The good news is that the AIA has, for the first time ever, awarded its Gold Medal, the profession’s highest honor, to a woman: Julia Morgan (1872-1957). While other Gold Medals have been handed out posthumously, they’re customarily bestowed much closer to the architect’s demise. Samuel Mockbee, for example, died in 2001 and was awarded the Gold Medal in 2004. Eero Saarinen, who died in 1961, was given the award in 1962. Only our nation’s founding aesthete, Thomas Jefferson, had to wait longer for recognition from the AIA. He died in 1826 and was not honored for his architectural achievements until 1993.

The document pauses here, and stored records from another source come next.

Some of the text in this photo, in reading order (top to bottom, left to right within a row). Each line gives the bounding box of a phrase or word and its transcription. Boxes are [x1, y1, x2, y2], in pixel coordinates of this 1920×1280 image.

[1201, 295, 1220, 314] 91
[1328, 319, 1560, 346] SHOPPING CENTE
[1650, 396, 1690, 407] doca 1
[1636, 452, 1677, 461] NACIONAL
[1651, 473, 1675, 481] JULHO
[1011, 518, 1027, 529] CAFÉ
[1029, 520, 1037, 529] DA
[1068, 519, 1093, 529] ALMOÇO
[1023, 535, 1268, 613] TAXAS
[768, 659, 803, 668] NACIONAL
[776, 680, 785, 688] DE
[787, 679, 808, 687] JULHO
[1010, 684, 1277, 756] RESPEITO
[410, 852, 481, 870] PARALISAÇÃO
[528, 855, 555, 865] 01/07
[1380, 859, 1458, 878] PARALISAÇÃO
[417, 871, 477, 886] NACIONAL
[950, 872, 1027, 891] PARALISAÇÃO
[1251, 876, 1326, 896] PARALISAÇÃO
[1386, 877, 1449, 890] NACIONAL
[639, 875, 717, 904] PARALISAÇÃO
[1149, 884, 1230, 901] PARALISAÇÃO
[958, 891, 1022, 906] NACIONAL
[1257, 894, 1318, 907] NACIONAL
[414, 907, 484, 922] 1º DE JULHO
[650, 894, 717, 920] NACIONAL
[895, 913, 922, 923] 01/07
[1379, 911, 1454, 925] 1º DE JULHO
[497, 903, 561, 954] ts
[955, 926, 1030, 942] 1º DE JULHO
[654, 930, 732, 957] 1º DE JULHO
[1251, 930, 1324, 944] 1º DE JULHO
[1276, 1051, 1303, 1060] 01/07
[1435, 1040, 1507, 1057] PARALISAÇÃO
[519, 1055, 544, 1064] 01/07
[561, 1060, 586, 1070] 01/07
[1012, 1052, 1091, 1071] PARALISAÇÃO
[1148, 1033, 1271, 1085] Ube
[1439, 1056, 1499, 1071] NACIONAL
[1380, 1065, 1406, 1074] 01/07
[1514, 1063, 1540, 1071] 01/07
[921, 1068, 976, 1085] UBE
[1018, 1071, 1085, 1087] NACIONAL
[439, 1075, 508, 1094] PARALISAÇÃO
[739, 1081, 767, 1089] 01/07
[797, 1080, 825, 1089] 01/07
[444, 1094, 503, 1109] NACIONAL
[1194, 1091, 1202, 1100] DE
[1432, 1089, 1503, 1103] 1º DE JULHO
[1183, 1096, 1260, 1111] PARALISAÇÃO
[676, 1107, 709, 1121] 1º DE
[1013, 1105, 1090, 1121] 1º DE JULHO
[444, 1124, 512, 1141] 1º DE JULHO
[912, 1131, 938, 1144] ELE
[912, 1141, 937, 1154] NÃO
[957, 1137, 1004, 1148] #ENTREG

Clearly, Morgan, who was the first woman to attend the Ecoles de Beaux Arts (she graduated in 1902) and who is best remembered as the architect of that eclectic behemoth, the Hearst Castle, was overdue for recognition. It’s always a little jarring to realize that she’s almost an exact contemporary of Frank Lloyd Wright (1867-1959). Wright's Ennis House, for example, and the Hearst Castle are geographically and chronologically close but otherwise light years apart.

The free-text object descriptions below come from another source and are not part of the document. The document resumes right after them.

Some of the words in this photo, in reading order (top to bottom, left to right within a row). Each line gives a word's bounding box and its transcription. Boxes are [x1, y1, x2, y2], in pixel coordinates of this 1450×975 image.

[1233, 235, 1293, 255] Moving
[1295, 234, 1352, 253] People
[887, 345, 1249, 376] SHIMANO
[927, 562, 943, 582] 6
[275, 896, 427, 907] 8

While Wright still resides more-or-less in the present, Morgan has slipped into the past. Arguably, her fade from memory is less about her gender and about the fact that, stylistically speaking, she was very much an architect of her own time. Many of her best buildings, such as the former St. John’s Presbyterian Church in Berkeley and the Asilomar YWCA, are in the Arts and Crafts Style that came to define California architecture in the early 20th century. She was enormously successful and designed some 700 buildings. “Most of them are still standing,” says Julia Donoho, the AIA board member who nominated Morgan for the Gold Medal. (A jury selects three final candidates from all the nominations, with the winner chosen by the board.) Her buildings live on in part because Morgan—little known fact—was a pioneer in the use of reinforced concrete, a material that turned out to be remarkably resilient in earthquakes. “Julia Morgan was a true superstar,” says Chicago architect Jeanne Gang, FAIA, who presented the nomination to the AIA’s board. “Julia received many glamorous commissions, but she continued to devote a large part of her talent to empowering the poor and vulnerable. This and many of the other themes in her work and practice make her a powerfully relevant model for contemporary architects.”

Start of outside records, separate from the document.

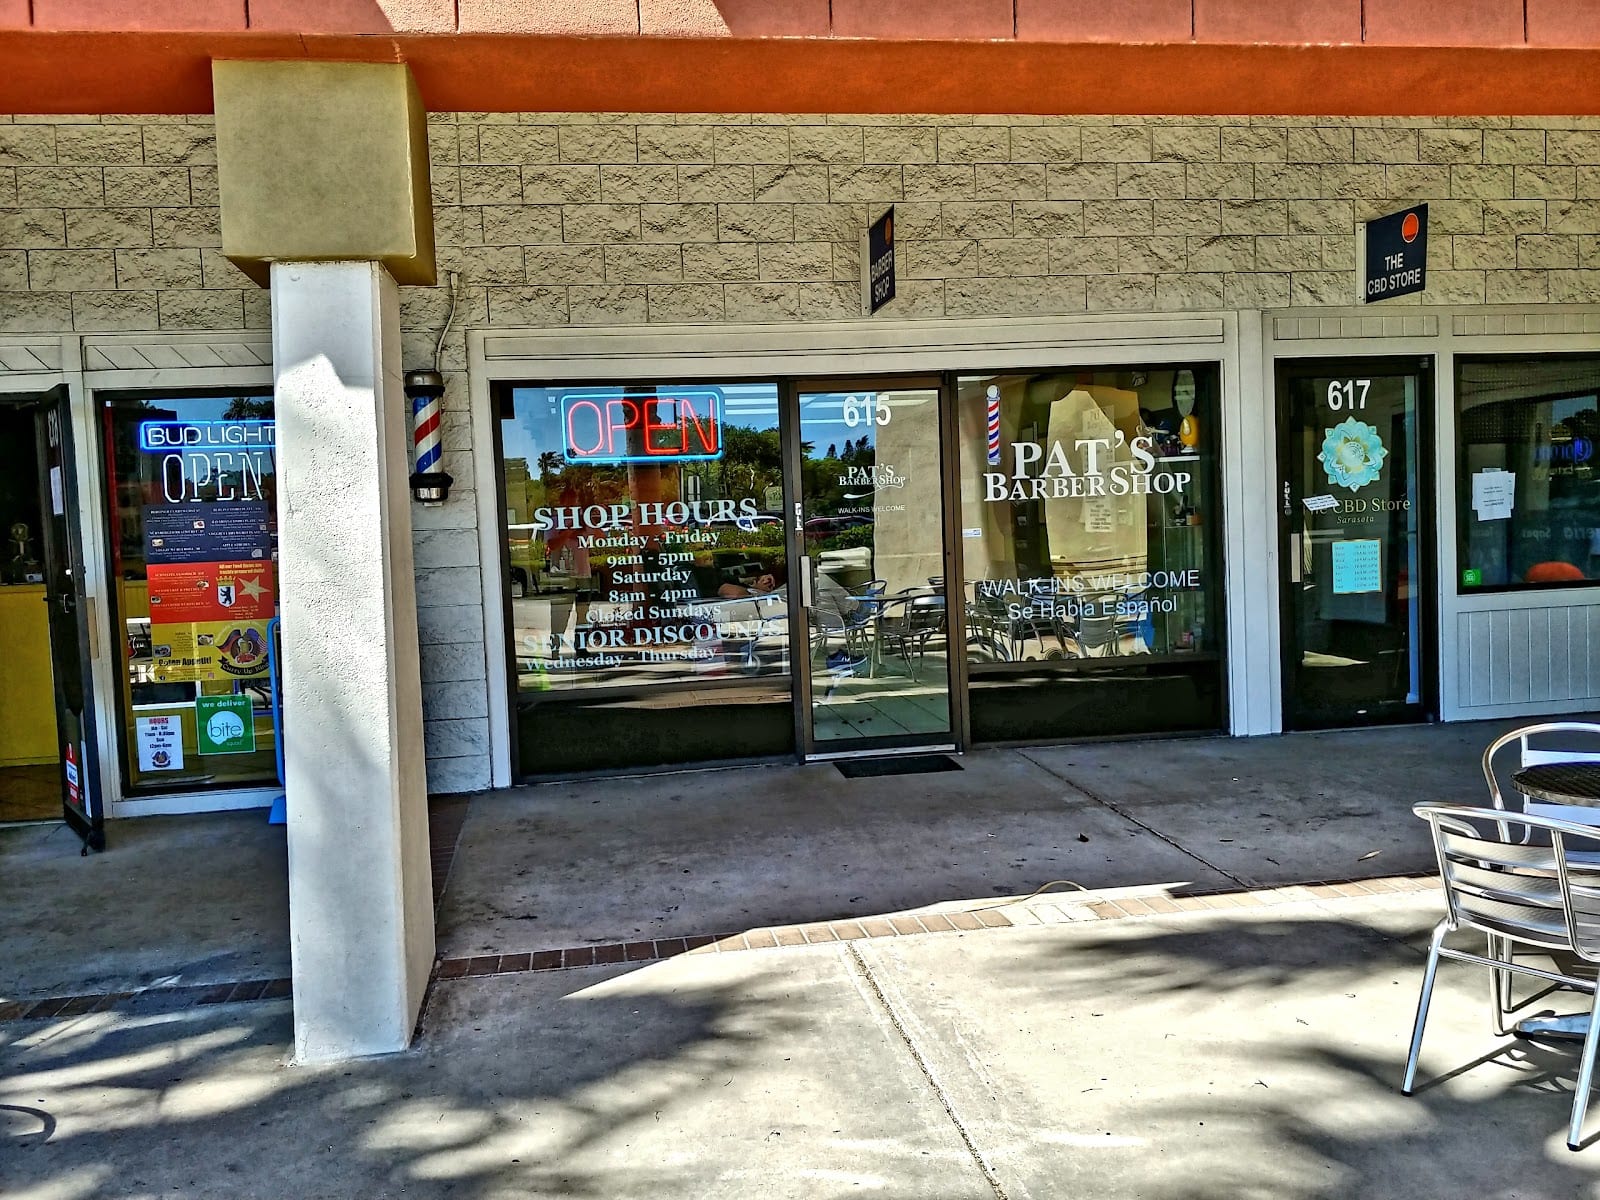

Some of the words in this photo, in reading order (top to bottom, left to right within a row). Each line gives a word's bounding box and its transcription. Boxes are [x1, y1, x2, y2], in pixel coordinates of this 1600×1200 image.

[871, 250, 893, 283] BARBER
[1384, 252, 1404, 271] THE
[874, 276, 890, 303] SHOP
[1367, 277, 1388, 295] CBD
[1388, 267, 1421, 290] STORE
[1327, 379, 1371, 411] 617
[843, 395, 892, 427] 615
[147, 426, 202, 445] BUD
[207, 425, 276, 444] LIGHT
[567, 398, 717, 456] OPEN
[1010, 430, 1156, 480] PAT'S
[163, 452, 265, 503] OPEN
[847, 463, 894, 479] PAT'S
[533, 502, 630, 531] SHOP
[637, 497, 758, 526] HOURS
[794, 502, 804, 531] PULL
[838, 505, 870, 514] WALK-INS
[871, 504, 906, 513] WELCOME
[1333, 498, 1367, 514] CBD
[1371, 497, 1411, 511] Store
[1336, 515, 1375, 524] Sarasota
[577, 532, 650, 550] Monday
[664, 528, 721, 546] Friday
[606, 554, 644, 568] 9am
[657, 550, 695, 566] 5pm
[612, 567, 692, 585] Saturday
[982, 576, 1085, 597] WALK-INS
[1090, 569, 1200, 592] WELCOME
[608, 590, 646, 604] 8am
[659, 588, 698, 605] 4pm
[1008, 602, 1033, 620] Se
[1040, 601, 1095, 618] Habla
[1102, 595, 1178, 616] Español
[585, 604, 644, 624] Closed
[648, 602, 722, 622] Sundays
[523, 629, 626, 654] SENIOR
[633, 619, 781, 647] DISCOUNTS
[526, 653, 624, 672] Wednesday
[637, 646, 718, 664] Thursday
[217, 699, 246, 708] deliver
[209, 719, 242, 738] bite

Still, the timing of the prize may lead some critics to suggest that it has more to do with an architect who is still among the living: Denise Scott Brown, FAIA. Because there was such an uproar in June over the Pritzker Architecture Prize committee’s refusal to retroactively include Scott Brown in the award that her husband and collaborator, Robert Venturi, FAIA, won back in 1991, it may appear that the AIA felt compelled to honor a woman. Not so, says Donoho, who practices architectural law in Northern California. She says she began her search for “the first women to win the Gold Medal” a year ago, when she first joined the board. Donoho says she nominated Morgan because she felt that the organization needed to go back and recognize Gold Medal quality women who “were overlooked.”
The AIA is to be commended for finally awarding its Gold Medal to a woman. Hopefully it’s the first step towards honoring the significant design contributions women have made to the field. (The recent death of Nathalie De Blois of SOM, who is only occasionally cited for her work with Gordon Bunshaft on Modernist icons like the Pepsi-Cola headquarters or Lever House, serves as a reminder of all the work by women designers that history has credited to men.) The fact that AIA has begun the work of recognizing the women it has overlooked in the past suggests that sometime soon, a contemporary female architect who is still alive and practicing will be similarly honored.